Les villageois appréhendent les intempéries

Le souvenir du 25 janvier 2005 où les neiges ont isolé la totalité des villages de la circonscription une semaine durant, n’est pas prêt de s’effacer particulièrement en ce début de saison hivernale durant laquelle les villageois prêtent soigneusement attention aux bulletins météorologiques. Les plus vulnérables parmi les populations sont ceux, qui habitent encore dans ces maisons précaires construites en terre séchée (Toub) et qui ne peuvent, par ricochet, tenir solidement à d’éventuelles intempéries.
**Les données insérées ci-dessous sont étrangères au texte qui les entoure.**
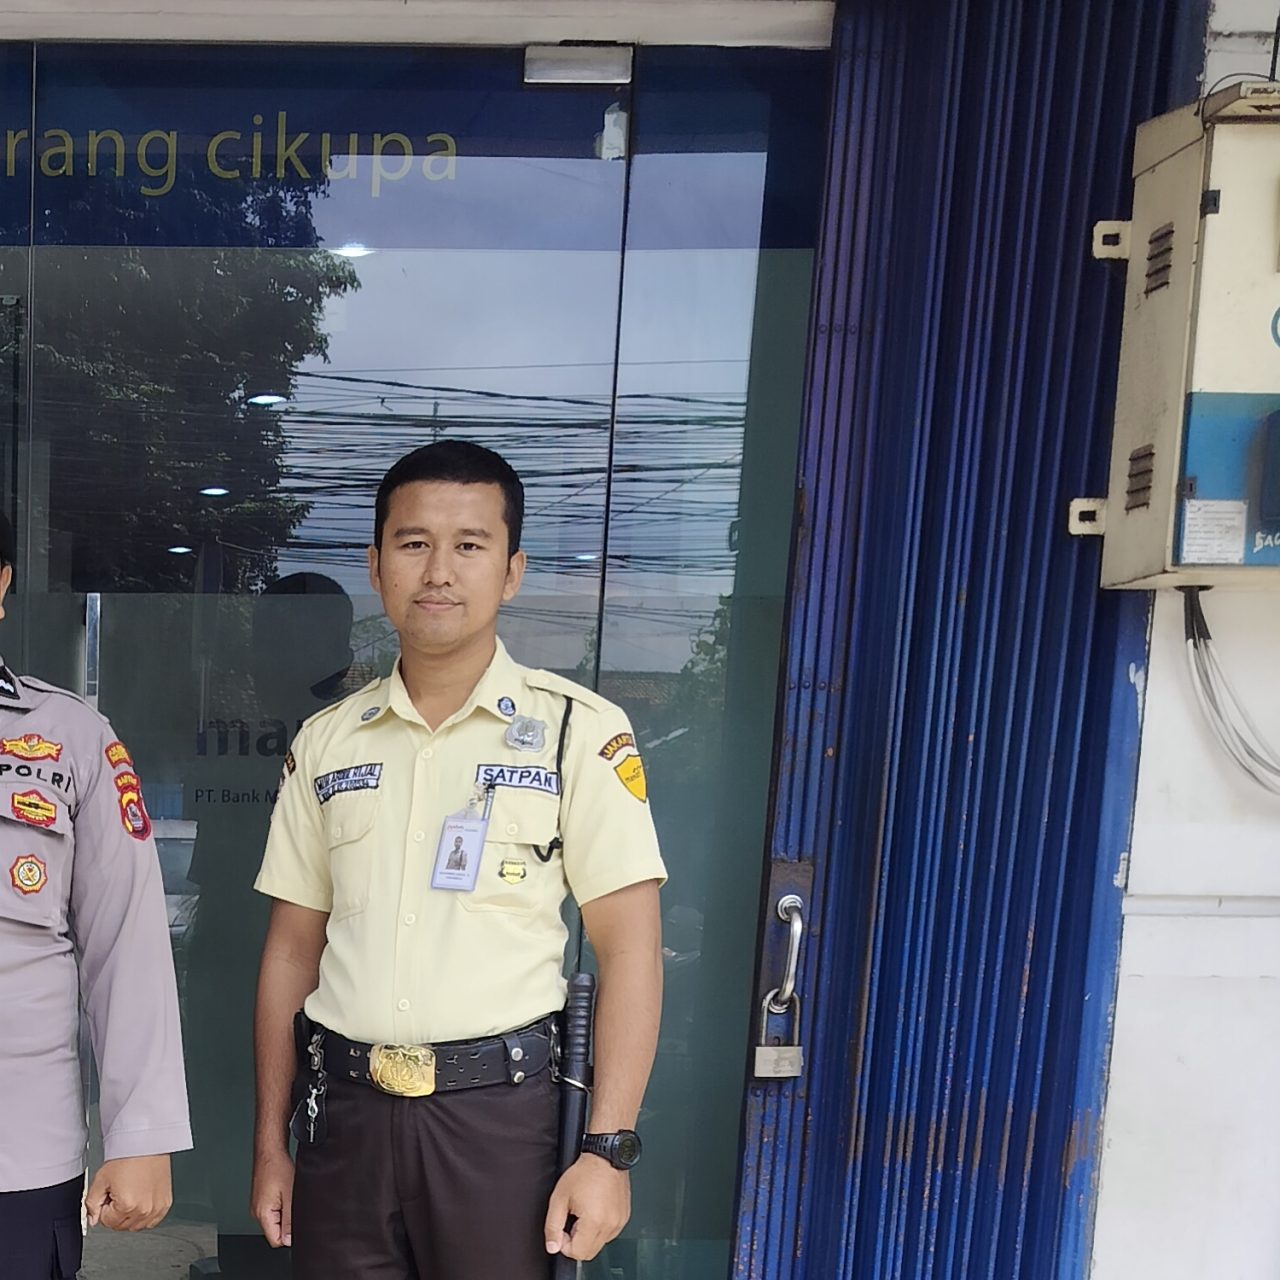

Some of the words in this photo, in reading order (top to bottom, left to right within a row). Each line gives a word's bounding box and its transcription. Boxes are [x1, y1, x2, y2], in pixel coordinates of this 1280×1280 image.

[206, 110, 458, 198] cikupa
[195, 789, 217, 804] PT.
[223, 788, 261, 804] Bank
Il y a des ménages qui craignent pour leurs toits, ceux qui appréhendent ces eaux pluviales particulièrement les bâtisses, sises aux bas-côtés de la chaussée… Il mérite de souligner que nombre d’ouvrages d’évacuation des eaux pluviales ont été délibérément obstrués et ce sont souvent les dernières maisons de la chaussée qui en prennent tout à leurs dépens. L’APC, incapable de faire face à ces interminables sollicitations des citoyens inhérentes au drainage des eaux pluviales, se contente pour l’heure de cibler les « points noirs » autrement dit les urgences. Le manque de moyens financiers de la collectivité de par ses crédits insignifiants est désolant à plus d’un égard, surtout dans cette commune qui compte 40 villages et plus de 35000 habitants. En somme, les villageois de Maâtkas ne craignent point le froid ; ce sont plutôt ces intempéries et leurs conséquences qui en sont sérieusement appréhendées.